_EXERCISE MATERIAL_
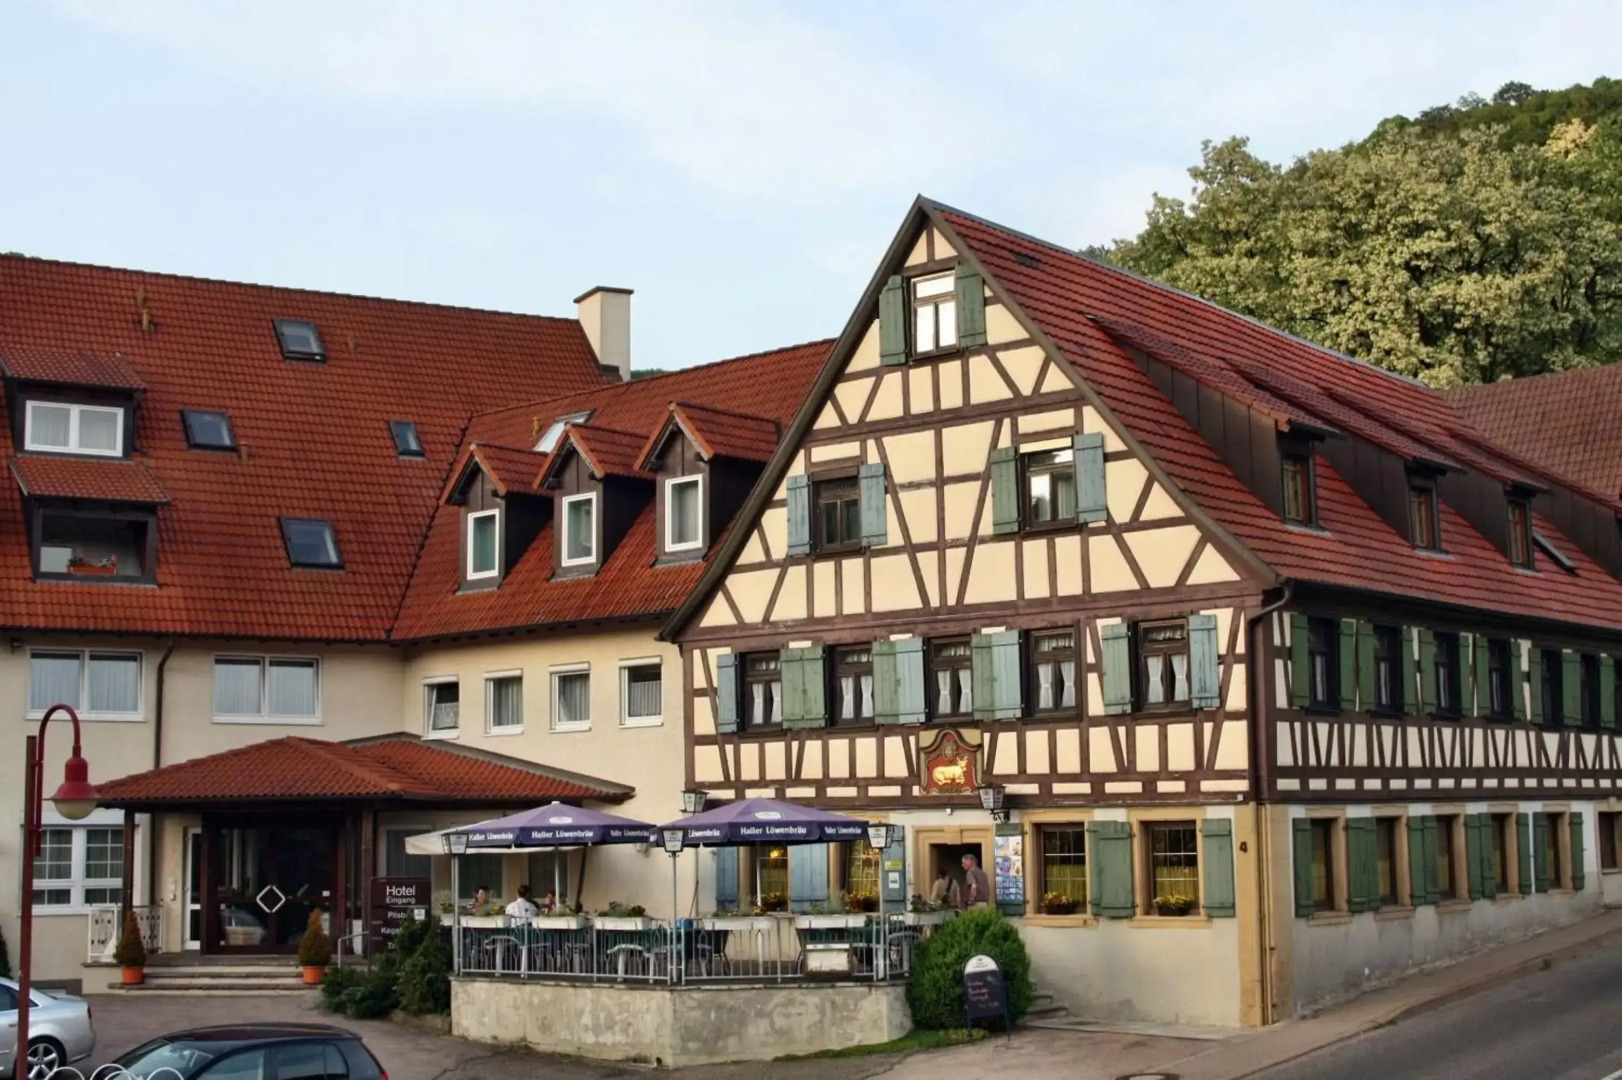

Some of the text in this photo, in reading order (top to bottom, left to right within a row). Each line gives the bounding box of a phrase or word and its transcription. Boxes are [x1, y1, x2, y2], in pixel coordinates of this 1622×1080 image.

[531, 831, 553, 839] Haller
[740, 825, 807, 835] Haller Löwenbräu
[1239, 841, 1248, 853] 4
[386, 885, 416, 896] Hotel
[386, 896, 416, 905] Eingang

_YOUR TASK_
What you write should match the entries exactly, except that the pictures are dropped.

_ANSWER FOR THIS EXERCISE_
Some of the text in this photo, in reading order (top to bottom, left to right within a row). Each line gives the bounding box of a phrase or word and its transcription. Boxes are [x1, y1, x2, y2], in pixel coordinates of this 1622×1080 image.

[531, 831, 553, 839] Haller
[740, 825, 807, 835] Haller Löwenbräu
[1239, 841, 1248, 853] 4
[386, 885, 416, 896] Hotel
[386, 896, 416, 905] Eingang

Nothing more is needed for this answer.